> **PROBLEM STATEMENT**
Exclude the images and repeat all remaining entries exactly.

Records contained in a dataset
------------------------------------------------------------

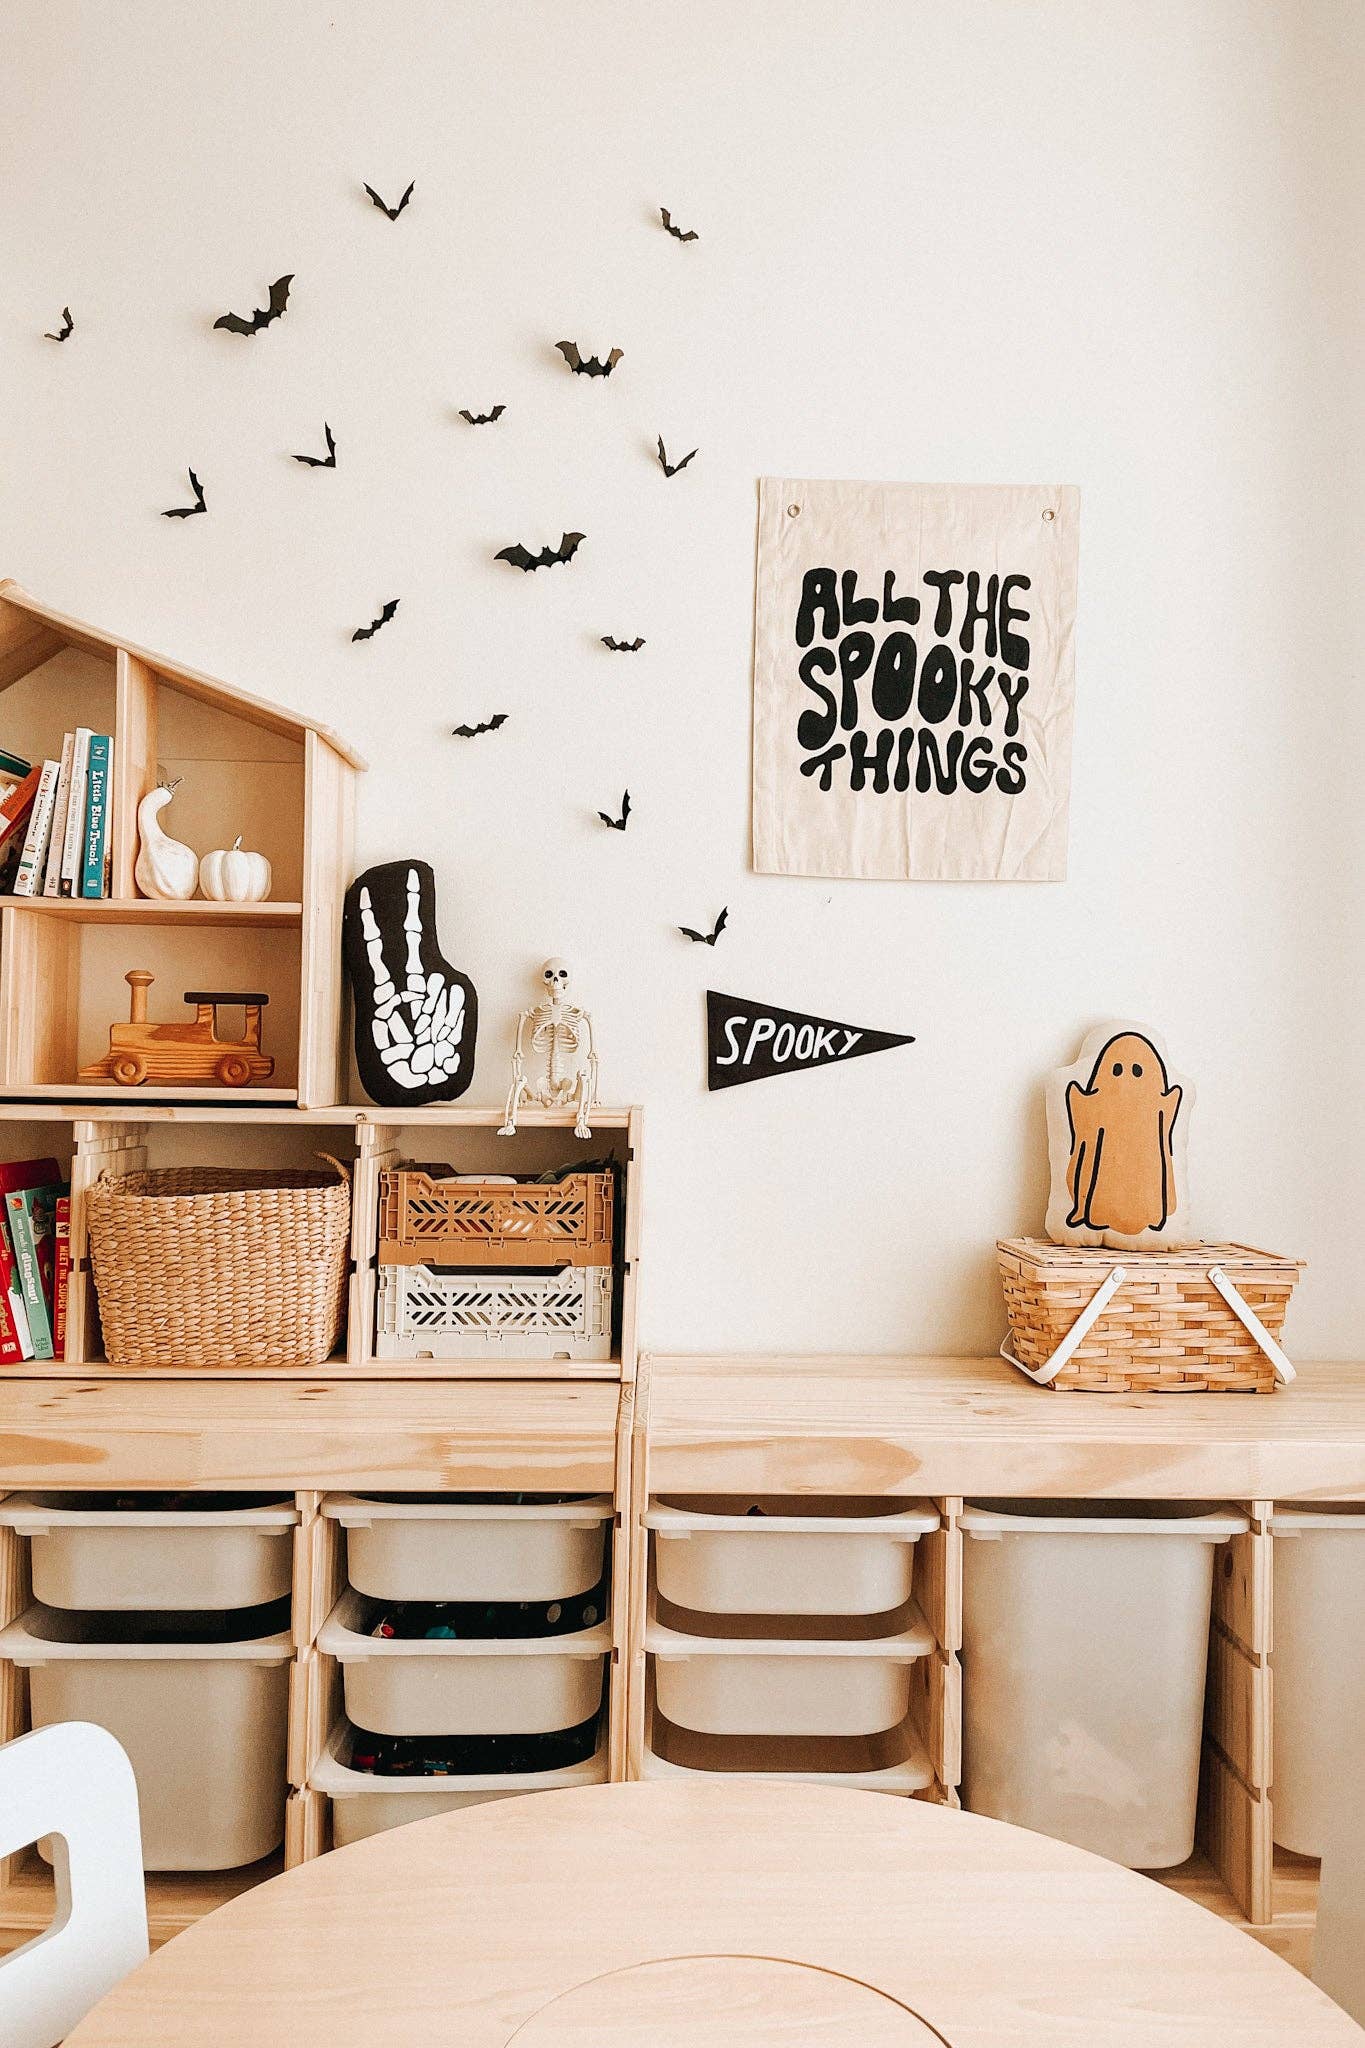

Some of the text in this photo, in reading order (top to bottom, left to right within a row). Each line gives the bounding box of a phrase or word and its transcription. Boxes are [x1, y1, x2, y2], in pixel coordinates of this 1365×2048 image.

[795, 567, 1032, 672] ALL THE
[797, 630, 1030, 751] SPOOKY
[799, 726, 1028, 796] THINGS
[92, 770, 104, 803] Little
[91, 804, 102, 830] Blue
[88, 830, 101, 866] Truck
[716, 1015, 864, 1066] SPOOKY
[59, 1245, 69, 1264] MEET
[59, 1282, 68, 1309] SUPER
[56, 1311, 67, 1340] WINGS
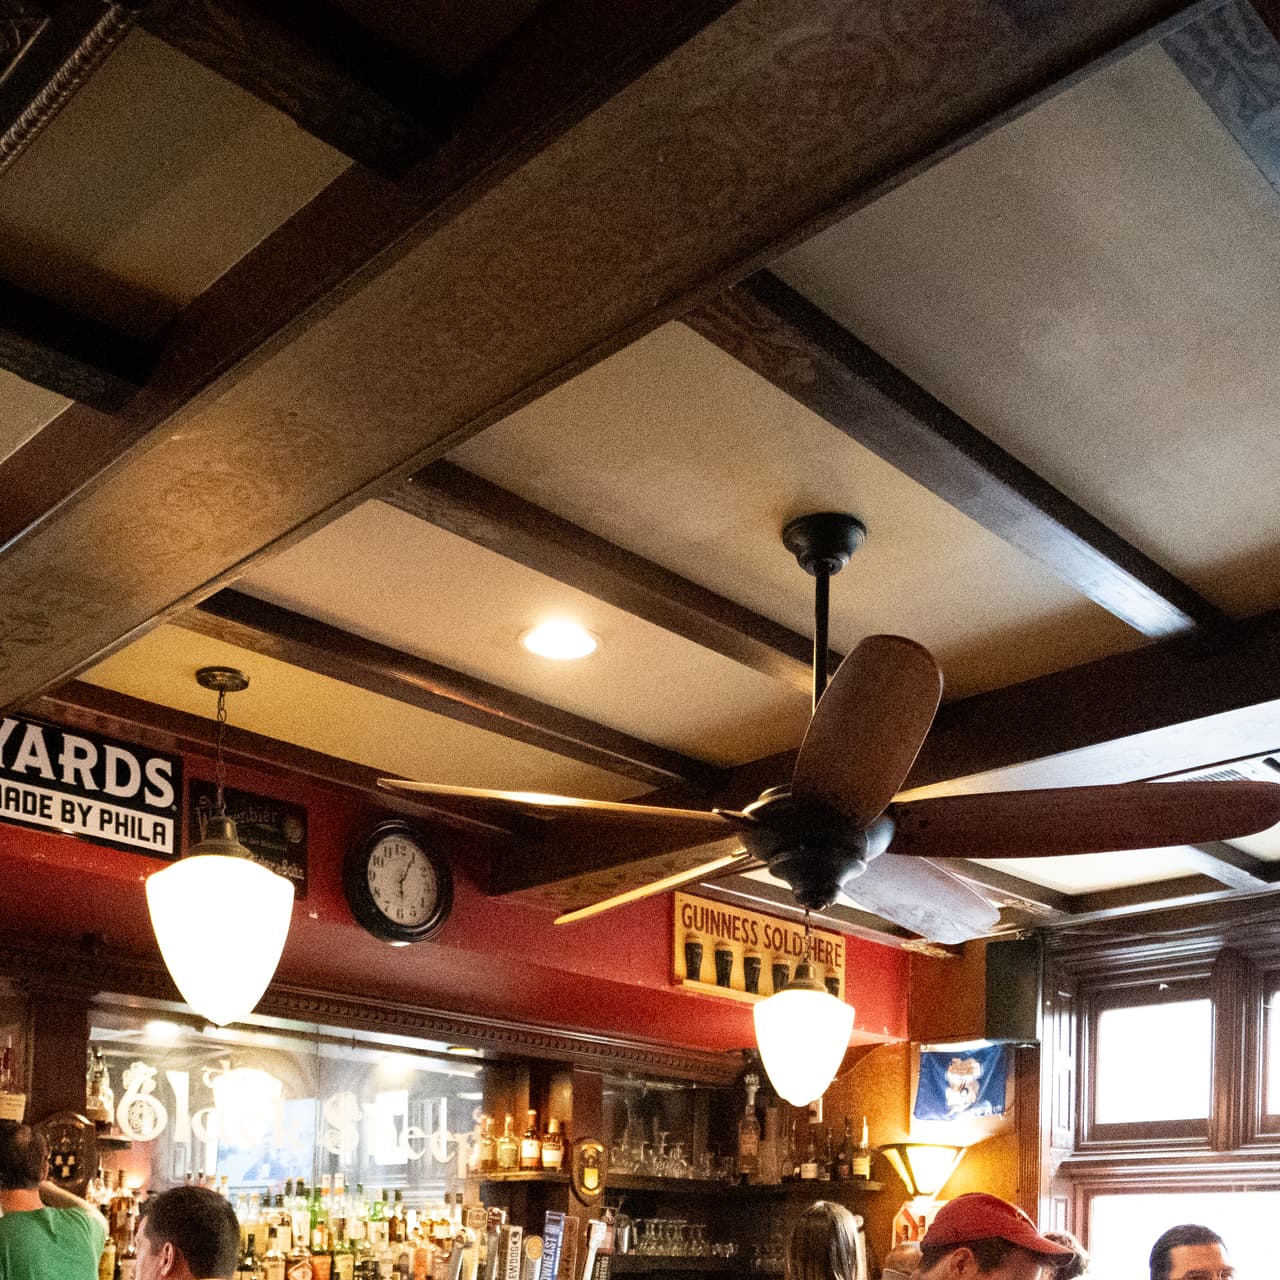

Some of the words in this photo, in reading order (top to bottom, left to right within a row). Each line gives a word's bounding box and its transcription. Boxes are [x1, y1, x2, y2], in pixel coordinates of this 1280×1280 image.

[61, 799, 93, 828] BY
[99, 808, 166, 846] PHILA
[682, 903, 759, 946] GUINNESS
[764, 924, 803, 957] SOLD
[809, 935, 842, 968] HERE
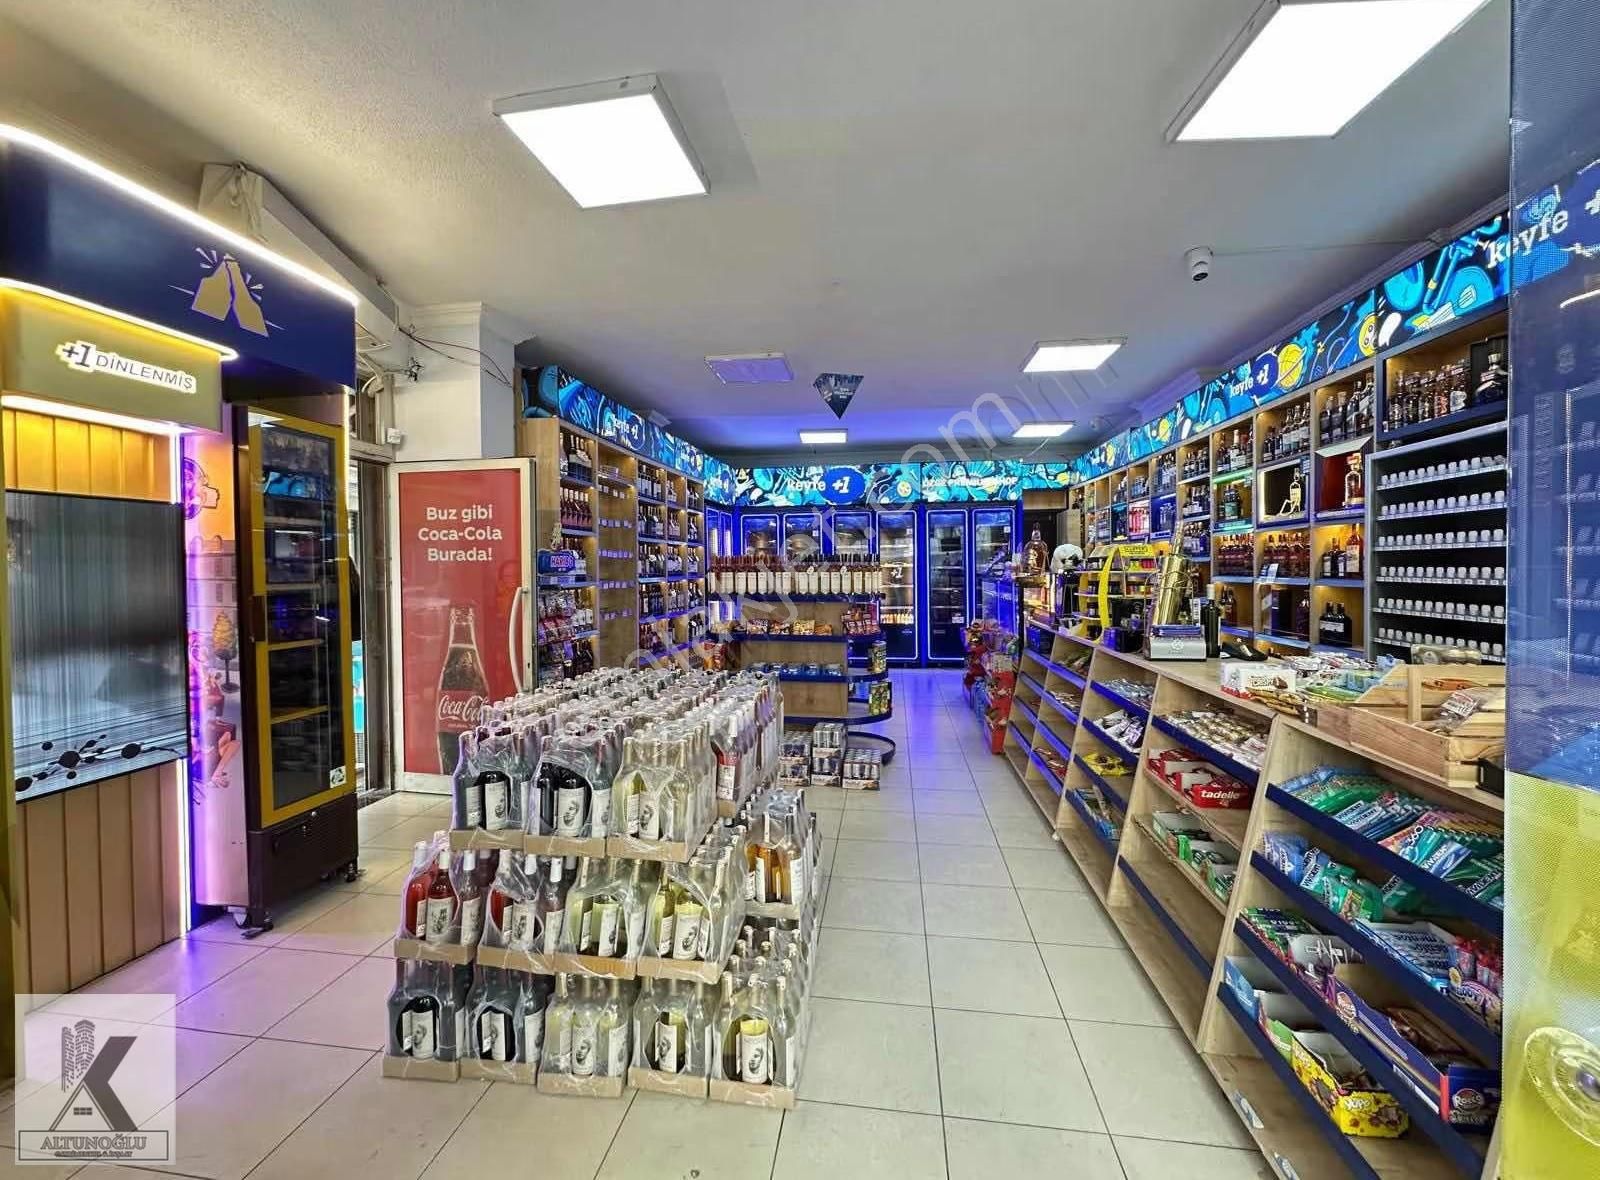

------------------------------------------------------------

> **EXERCISE OUTPUT**
Some of the text in this photo, in reading order (top to bottom, left to right within a row). Each line gives the bounding box of a phrase or word and its transcription. Boxes are [x1, y1, x2, y2], in pixel coordinates of this 1365×2048 image.

[795, 567, 1032, 672] ALL THE
[797, 630, 1030, 751] SPOOKY
[799, 726, 1028, 796] THINGS
[92, 770, 104, 803] Little
[91, 804, 102, 830] Blue
[88, 830, 101, 866] Truck
[716, 1015, 864, 1066] SPOOKY
[59, 1245, 69, 1264] MEET
[59, 1282, 68, 1309] SUPER
[56, 1311, 67, 1340] WINGS

Some of the words in this photo, in reading order (top to bottom, left to right within a row). Each line gives a word's bounding box and its transcription. Boxes are [x1, y1, x2, y2], in pixel coordinates of this 1280×1280 image.

[61, 799, 93, 828] BY
[99, 808, 166, 846] PHILA
[682, 903, 759, 946] GUINNESS
[764, 924, 803, 957] SOLD
[809, 935, 842, 968] HERE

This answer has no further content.